# [Instructions for the task]
Your reply should be a faithful copy of the records below, free of pictures.

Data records
----

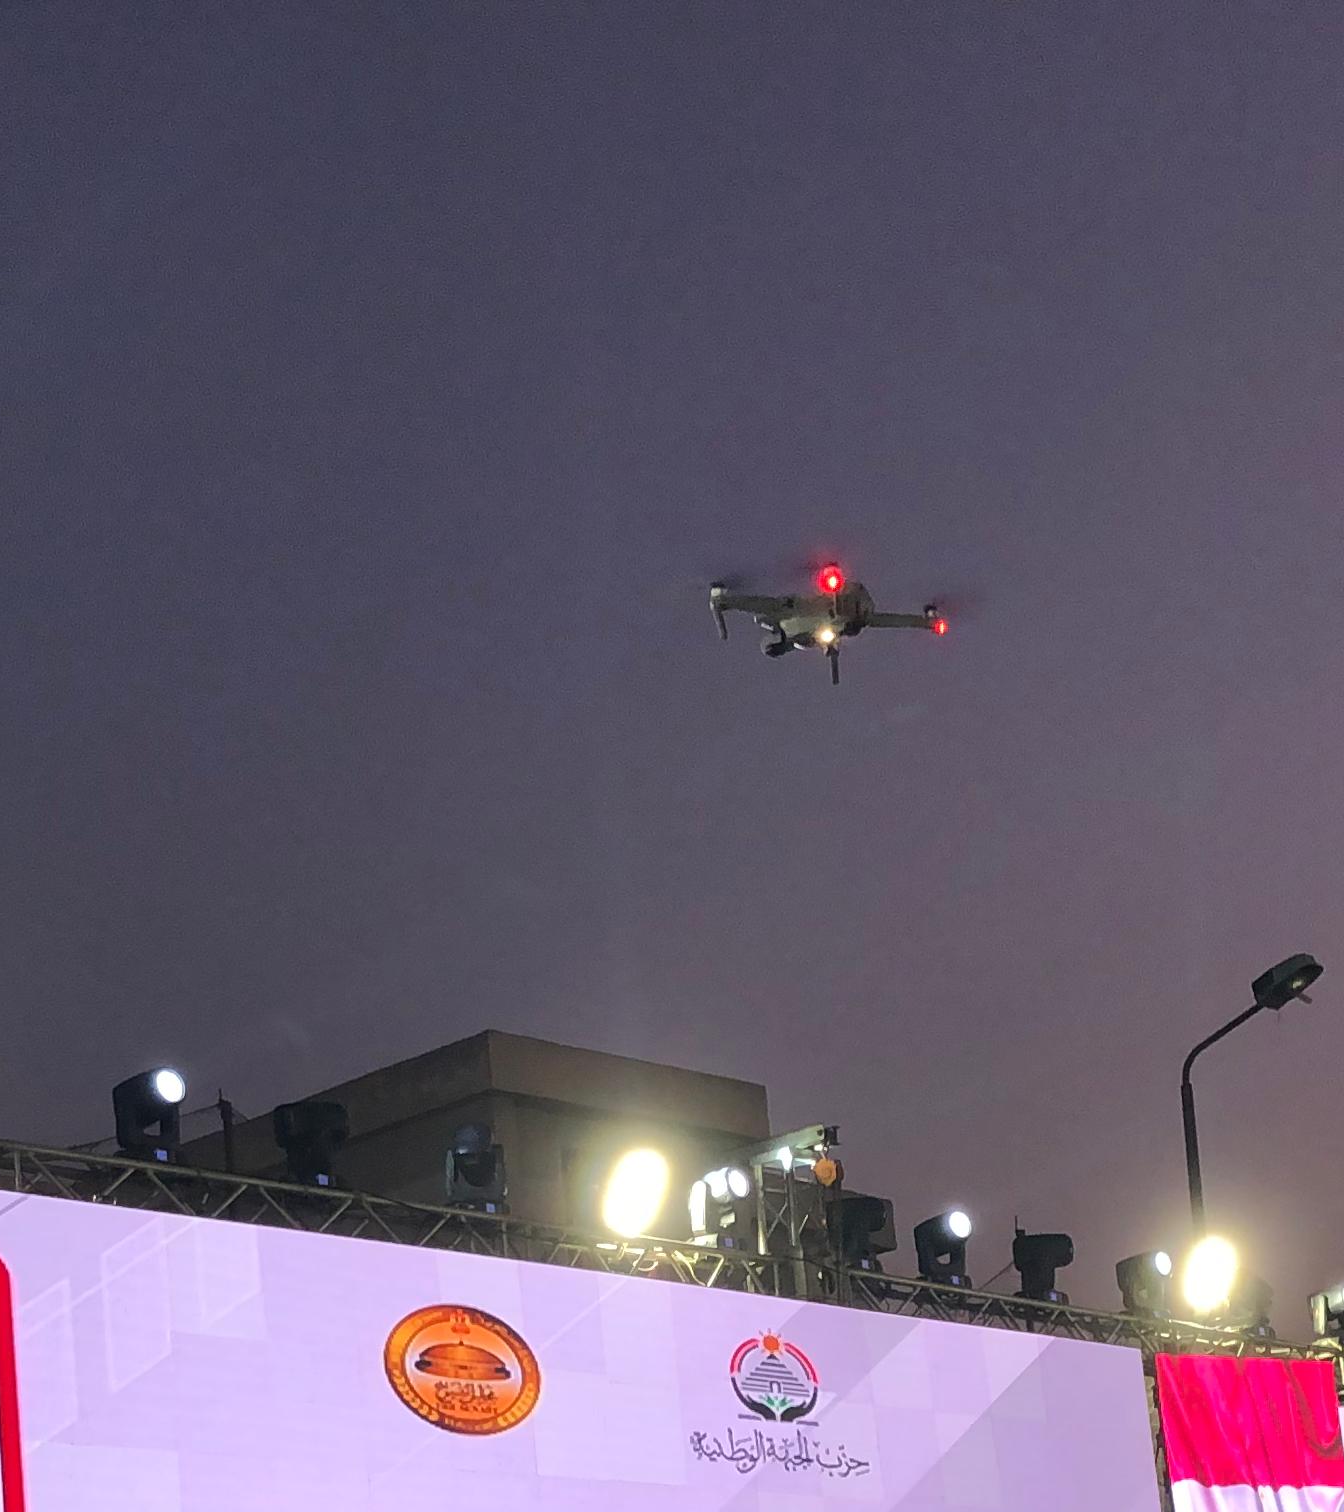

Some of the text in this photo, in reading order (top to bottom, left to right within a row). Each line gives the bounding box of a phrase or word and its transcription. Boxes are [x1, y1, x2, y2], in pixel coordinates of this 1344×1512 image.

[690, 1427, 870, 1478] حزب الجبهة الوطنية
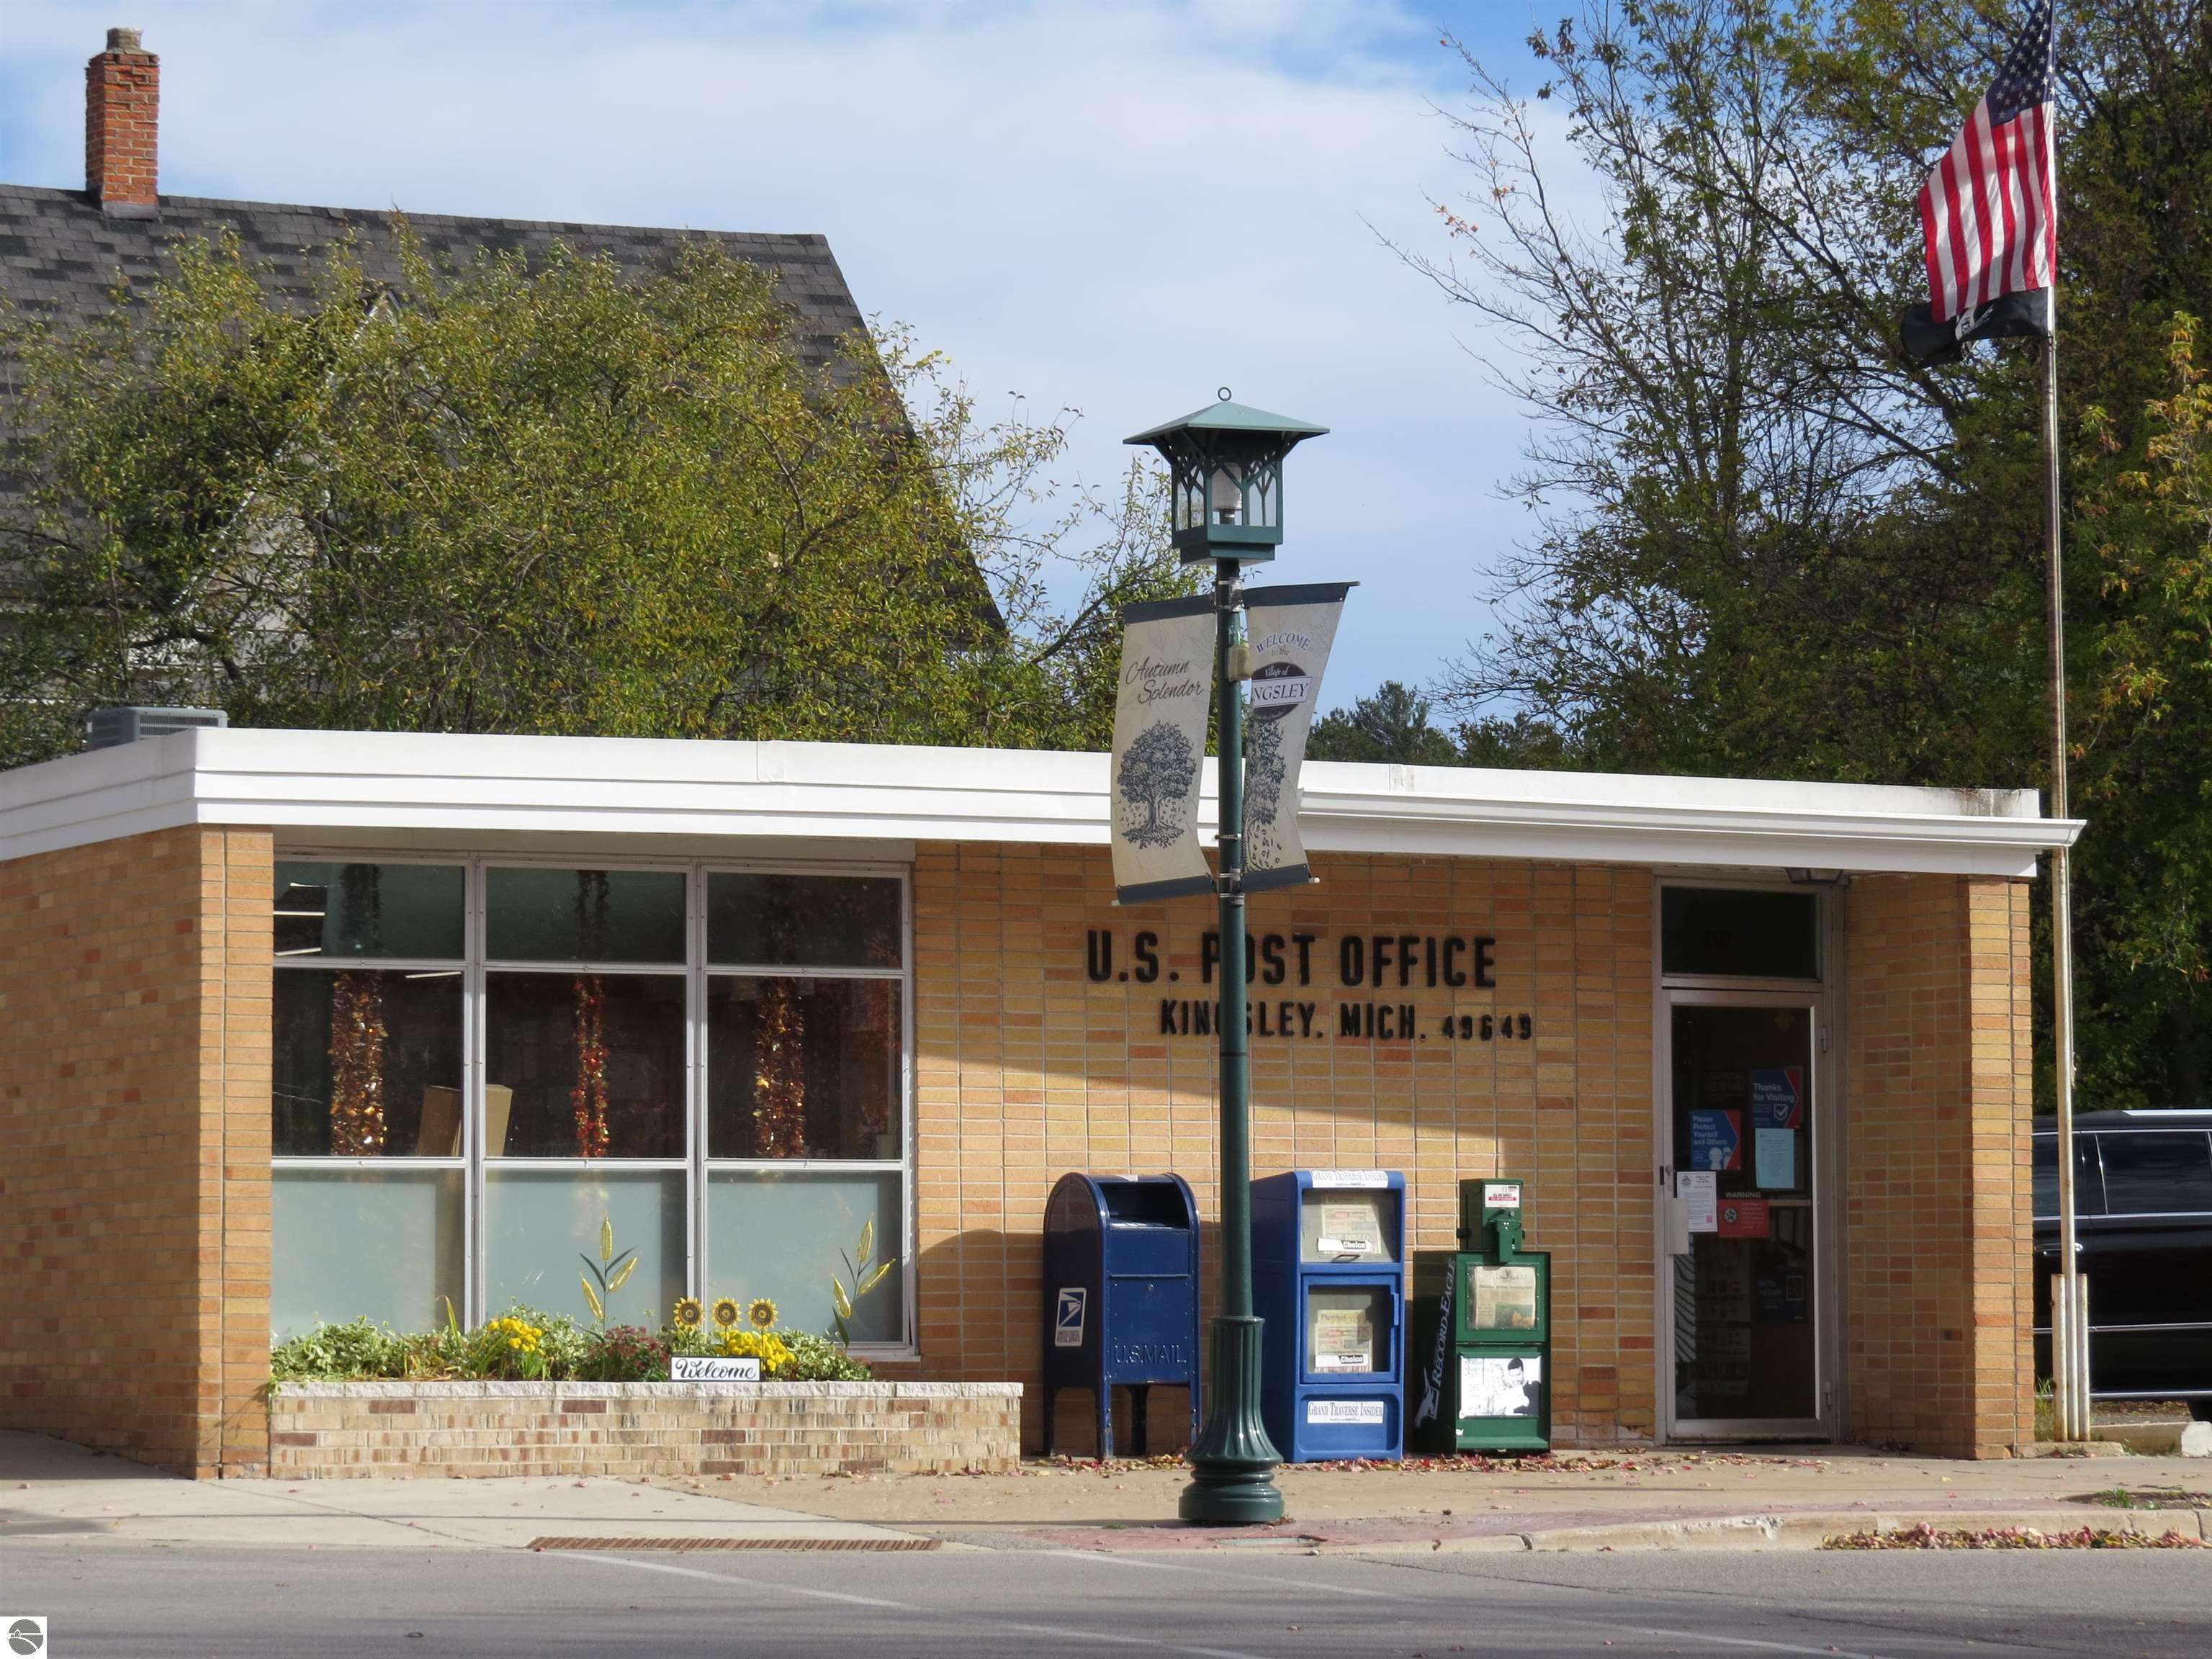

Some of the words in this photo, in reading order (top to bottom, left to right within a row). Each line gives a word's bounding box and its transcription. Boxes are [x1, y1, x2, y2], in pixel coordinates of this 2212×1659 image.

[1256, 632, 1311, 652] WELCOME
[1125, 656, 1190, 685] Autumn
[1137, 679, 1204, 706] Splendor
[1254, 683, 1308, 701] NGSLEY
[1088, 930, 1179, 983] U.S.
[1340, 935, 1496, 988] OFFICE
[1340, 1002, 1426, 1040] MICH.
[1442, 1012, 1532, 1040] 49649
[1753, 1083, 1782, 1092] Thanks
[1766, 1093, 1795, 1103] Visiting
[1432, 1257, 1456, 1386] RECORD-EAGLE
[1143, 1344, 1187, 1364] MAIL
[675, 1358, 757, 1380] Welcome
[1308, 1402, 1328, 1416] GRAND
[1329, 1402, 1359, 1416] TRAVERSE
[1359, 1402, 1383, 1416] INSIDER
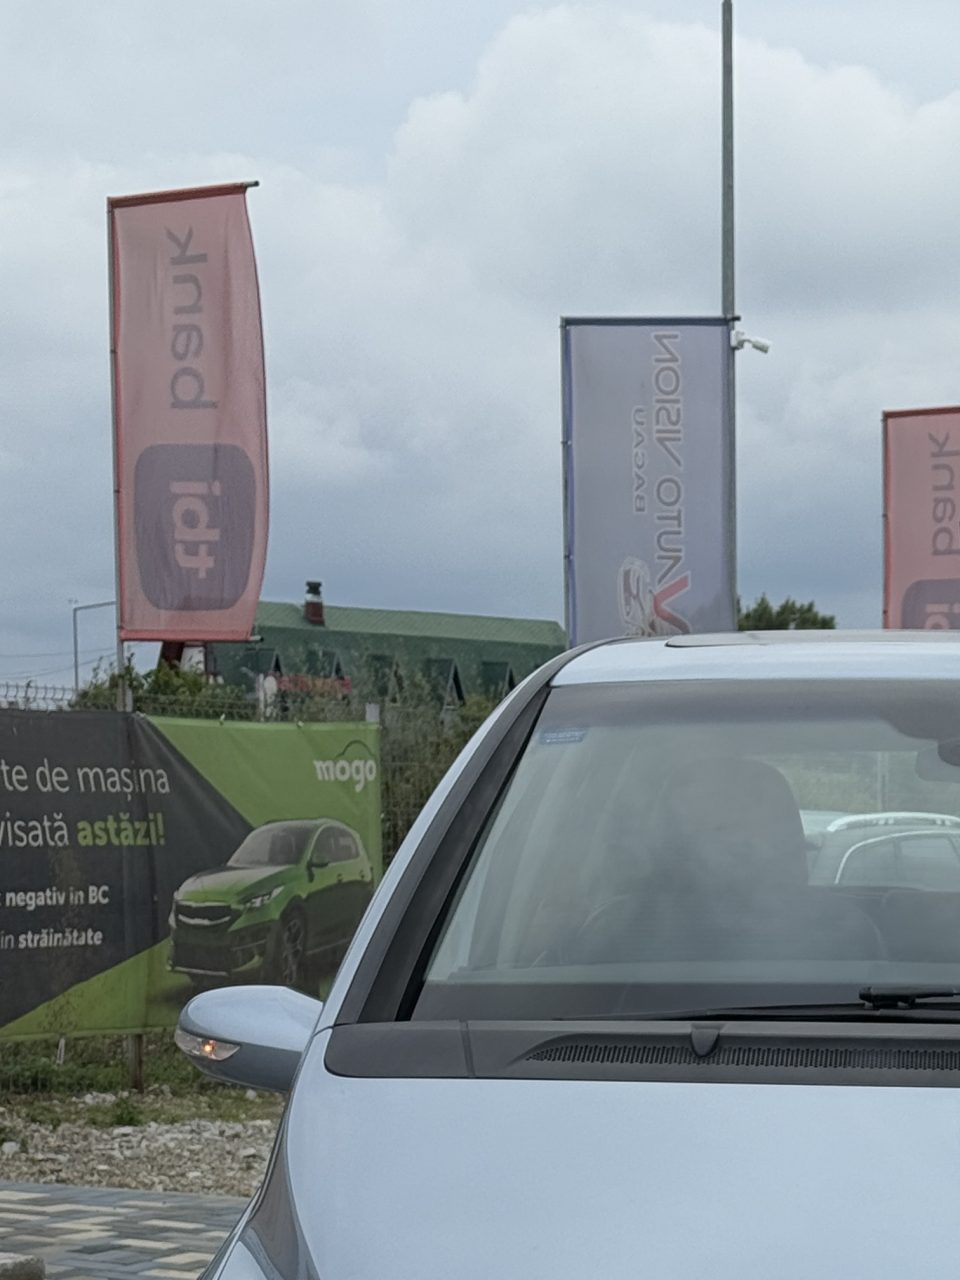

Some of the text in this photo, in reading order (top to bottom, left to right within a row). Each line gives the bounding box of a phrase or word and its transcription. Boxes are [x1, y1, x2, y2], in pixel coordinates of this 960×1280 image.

----

# [Exercise response]
Some of the text in this photo, in reading order (top to bottom, left to right within a row). Each line gives the bounding box of a phrase or word and its transcription. Boxes are [x1, y1, x2, y2], in pixel coordinates of this 1344×1512 image.

[690, 1427, 870, 1478] حزب الجبهة الوطنية

Some of the words in this photo, in reading order (top to bottom, left to right within a row). Each line gives a word's bounding box and its transcription. Boxes are [x1, y1, x2, y2], in pixel coordinates of this 2212×1659 image.

[1256, 632, 1311, 652] WELCOME
[1125, 656, 1190, 685] Autumn
[1137, 679, 1204, 706] Splendor
[1254, 683, 1308, 701] NGSLEY
[1088, 930, 1179, 983] U.S.
[1340, 935, 1496, 988] OFFICE
[1340, 1002, 1426, 1040] MICH.
[1442, 1012, 1532, 1040] 49649
[1753, 1083, 1782, 1092] Thanks
[1766, 1093, 1795, 1103] Visiting
[1432, 1257, 1456, 1386] RECORD-EAGLE
[1143, 1344, 1187, 1364] MAIL
[675, 1358, 757, 1380] Welcome
[1308, 1402, 1328, 1416] GRAND
[1329, 1402, 1359, 1416] TRAVERSE
[1359, 1402, 1383, 1416] INSIDER

Some of the text in this photo, in reading order (top to bottom, left to right within a row). Each line gives the bounding box of a phrase or word and its transcription. Boxes are [x1, y1, x2, y2], in pixel coordinates of this 960×1280 image.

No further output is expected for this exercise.